此人颠倒黑白的功力了得,辛扬震惊了,“……你放什么屁?”
范钧寅抿了口咖啡,道:“祝先生,我言尽于此,现在可以把阿扬还给我了吧?别人我不关心,至少这个,你不能跟我抢。”
“……我操?”辛扬嘴角抽了抽,像在看一个傻子,“不是你哪根葱啊你,我他妈是真佩服你这脸皮,比那边儿个雕塑还厚啊。”
“阿扬,骂我当然可以,但你必须承认,这就是事实。”
范钧寅抬起下巴,眼神傲然,“不然你怎么坚持不肯让他插手我们的事呢?可见你心里是明白的。”
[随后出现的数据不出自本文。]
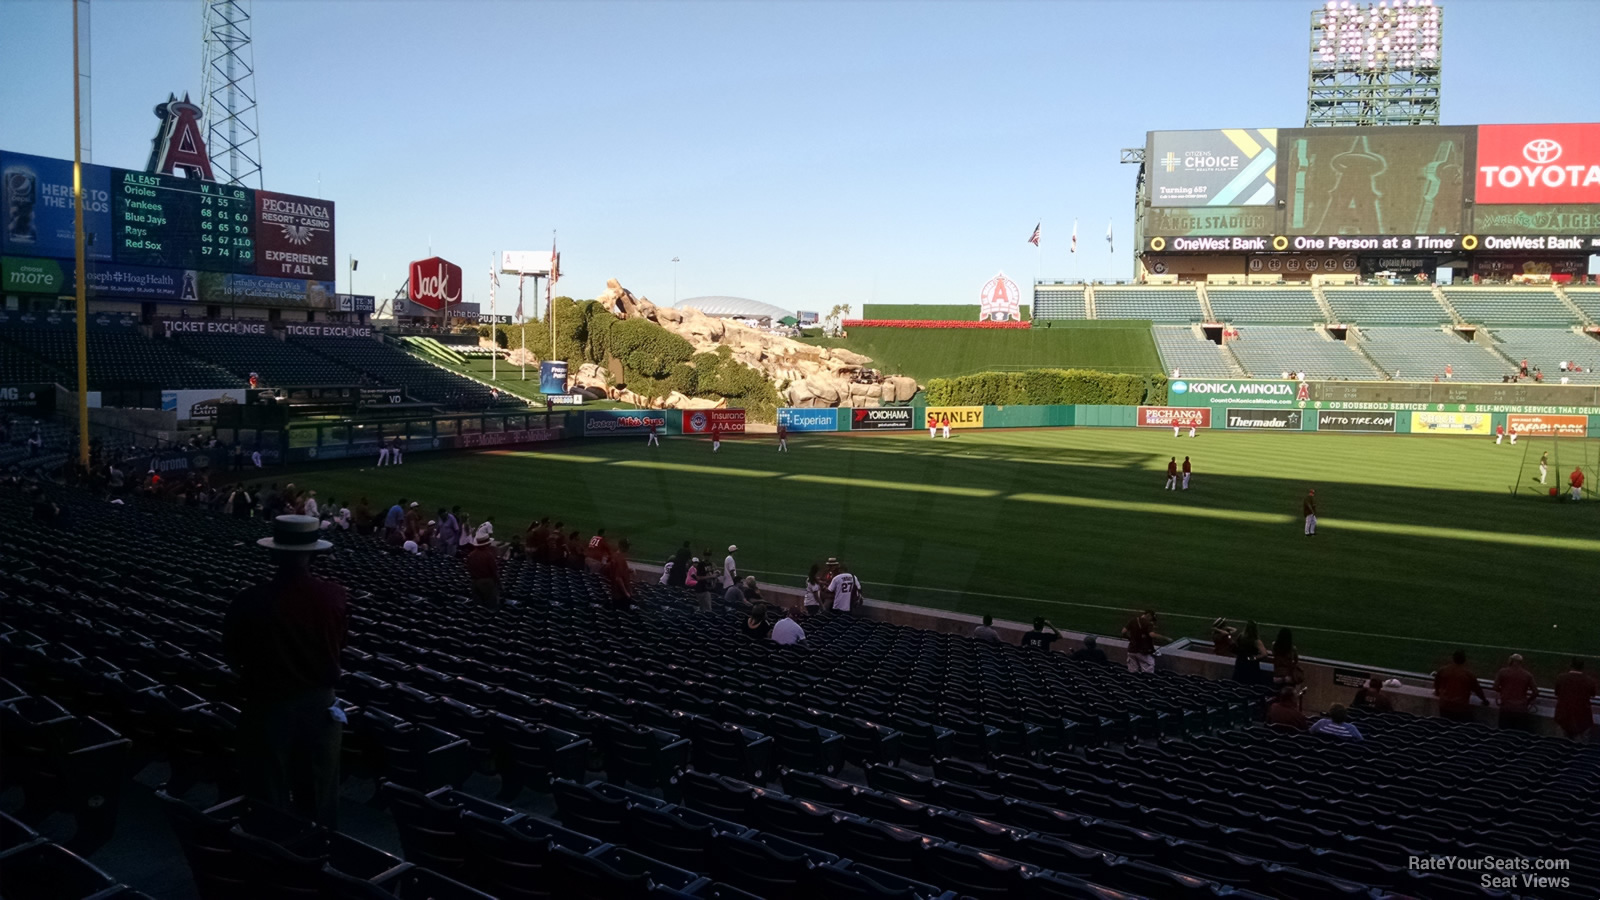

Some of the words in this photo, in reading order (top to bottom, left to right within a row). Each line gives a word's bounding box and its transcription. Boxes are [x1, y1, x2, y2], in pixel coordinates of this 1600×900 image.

[1185, 156, 1239, 167] CHOICE
[124, 173, 136, 183] AL
[138, 174, 161, 185] EAST
[1480, 165, 1600, 188] TOYOTA
[42, 183, 87, 199] HERES
[91, 189, 108, 201] TO
[124, 185, 156, 197] Orioles
[201, 196, 211, 205] 74
[218, 198, 228, 207] 55
[201, 184, 209, 193] W
[233, 190, 245, 199] GB
[1160, 186, 1193, 194] Turning
[42, 195, 66, 208] THE
[125, 198, 162, 211] Yankees
[201, 208, 212, 217] 68
[218, 211, 228, 219] 61
[235, 213, 248, 222] 6.0
[262, 198, 330, 218] PECHANGA
[125, 212, 145, 223] Blue
[146, 214, 167, 225] Jays
[201, 221, 212, 230] 66
[218, 224, 229, 232] 65
[235, 225, 248, 234] 9.0
[262, 212, 294, 224] RESORT
[301, 217, 330, 229] CASINO
[1160, 214, 1203, 230] ANGEL
[1205, 215, 1265, 229] STADIUM
[125, 225, 147, 237] Rays
[201, 234, 213, 243] 64
[218, 236, 229, 245] 67
[233, 238, 251, 246] 11.0
[125, 239, 143, 249] Red
[145, 241, 162, 250] Sox
[201, 246, 213, 255] 57
[218, 248, 229, 256] 74
[1174, 237, 1230, 250] OneWest
[1232, 236, 1265, 250] Bank
[1294, 236, 1324, 249] One
[1328, 236, 1379, 249] Person
[1382, 236, 1399, 249] at
[1402, 239, 1412, 249] a
[1415, 236, 1453, 249] Time
[1485, 236, 1545, 249] OneWest
[1547, 236, 1582, 249] Bank
[265, 250, 329, 266] EXPERIENCE
[20, 265, 43, 273] choose
[282, 264, 293, 274] IT
[294, 264, 313, 275] ALL
[10, 271, 54, 285] more
[87, 271, 113, 284] oseph
[123, 272, 145, 285] Hoag
[146, 274, 173, 285] Health
[414, 263, 461, 302] Jack
[453, 309, 465, 317] the
[162, 321, 205, 332] TICKET
[286, 325, 320, 336] TICKET
[1189, 383, 1237, 394] KONICA
[1239, 384, 1293, 395] MINOLTA
[1210, 397, 1293, 405] CountOnKonicaMinolta.com
[1343, 402, 1389, 410] HOUSEHOLD
[1390, 403, 1427, 411] SERVICES
[868, 410, 909, 419] YOKOHAMA
[1146, 409, 1203, 419] PECHANGA
[1475, 405, 1522, 413] SELF-MOVING
[1524, 406, 1556, 414] SERVICES
[711, 412, 745, 420] Insuranc
[794, 414, 833, 426] Experian
[927, 411, 982, 424] STANLEY
[1229, 416, 1288, 428] Thermador
[1350, 418, 1393, 426] TIRE.COM
[1511, 423, 1552, 433] SAFARI
[841, 582, 853, 593] 27
“……是了。”祝君则沉默听完,勉强扯出一个笑容,“多谢批评。”
拍拍辛扬的肩膀,“先走了。”
“喂!”辛扬追上去,“我跟你一起啊!”
范钧寅眼疾手快地拉住他,“他的家务事,你去干什么?”
辛扬挣脱不开,眼睁睁看着祝君则下楼,气得踩了范钧寅一脚。
“你有病啊!你骂他干嘛?你知不知道我花多大力气才把他逗笑啊?!”
范钧寅微笑了半天的脸终于黑了,“用在我咖啡里放料的方式逗他笑是吗。”
“是又怎么样!”
辛扬故意推了一把他手里的咖啡,液体洒了一地,“我还没下毒呢!……唔!”
唇被两瓣柔软堵住,温热而苦涩的液体不容置疑地灌了进来。
范钧寅擦擦嘴角,斯文做派不见,眼神阴寒。
“那就一起死啊。”
……
范钧寅的话不住在脑海回荡,祝君则感觉自己好像抓住了什么,又好像什么都没抓住。
随便寻家酒店住下,一觉昏到天黑,醒来抹了把脸,看见镜子里的人,眼里的迷茫还是迷茫。
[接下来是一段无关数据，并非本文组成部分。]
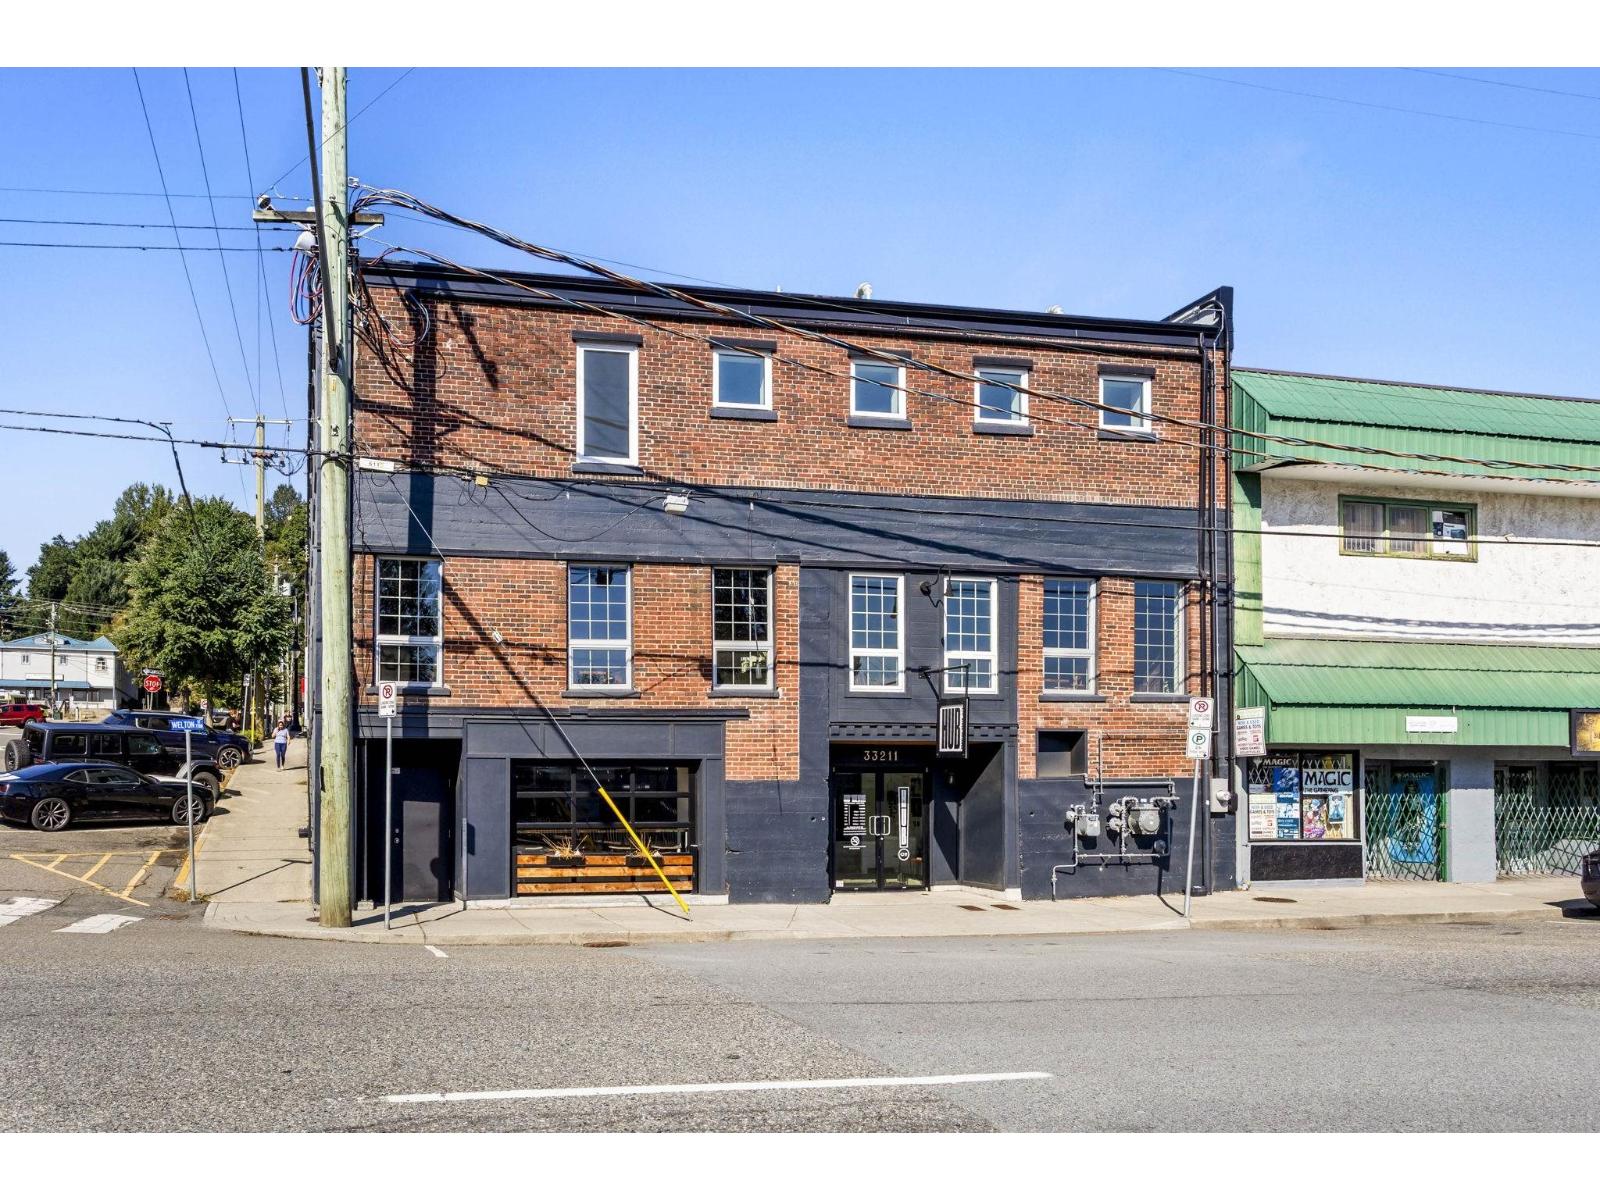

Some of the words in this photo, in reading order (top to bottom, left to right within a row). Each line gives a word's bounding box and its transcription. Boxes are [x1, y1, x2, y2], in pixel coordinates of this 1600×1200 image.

[145, 680, 159, 688] STOP
[171, 721, 195, 729] WELTON
[941, 707, 961, 750] HUB
[863, 750, 899, 761] 33211
[1262, 758, 1292, 766] MAGIC
[1304, 771, 1351, 786] MAGIC
昔日他能游刃有余地处理各种人际关系,哪怕是最严重的那次封羚的背叛,他都能面不改色地应对。
——切割权责,保持距离,体面相处。
本该是很简单的。
可这些换到迟羿身上,他却心虚到连面对都胆怯。
手机信息不断,电话一串未接,一想到迟羿现在正在难过,他的心就一阵抽痛。
可回复的话语打了又删,感觉发什么都不对,回拨的手指顿了又顿,始终没有勇气按下。
他心乱极了。
正如范钧寅所说,人不会给自己找不痛快,但迟羿要的究竟是什么呢,他又能给什么呢,他真的给得起吗?
他们之间的问题太多了,浅层的,深层的,他不是看不清楚。这次可以用“相爱”两个字轻飘飘掩过,以后呢?
曾经劝过辛扬的话历历在目,换到迟羿身上,似乎也合适——他们真的有以后吗?
如果没有,他又凭什么拽着迟羿不放?贪图一时的欢愉,换来永久的折磨,迟羿年纪小不懂,他也不懂吗?
初见时那个潇洒矜贵、懵懂善良的少年,因为他变得患得患失、自卑刻薄。
那么清白的一个人啊,怎么可以……
被他毁了呢。
……
一天时间,迟羿把全城有名的零食店全都逛了一遍。
各式各样的糖果装满了整个书包,另外还有两个大袋,倒出来可以铺满八个平方。
把糖分门别类地在祝君则家的客厅摆好,他抱着电脑坐上沙发,生成一篇文采斐然的检讨书,然后拿纸誊抄,一笔一划,写得无比认真。
抄到一半,迷迷糊糊听见了门锁的滴滴声,有人在按密码。
他猛地丢开电脑,扑到门前,在心脏的剧烈跳动声中看到门被隙开,黑沉的幽光里,现出了祝君则的身影。
“祝哥……”他涩声唤道。
“迟羿?”祝君则皱眉,“谁让你进我家的。”
迟羿脚底生寒,讷讷说:“我在等你。”
“请你出去,我等下会把密码换掉,你也不要再来了……”祝君则边说边往里走,话音倏然顿住,“这是什么。”
他看着满屋的糖,缓缓转过头,目光冷硬,“谁让你把我家弄成这个样子的。”
迟羿忐忑道:“我以为你喜欢……”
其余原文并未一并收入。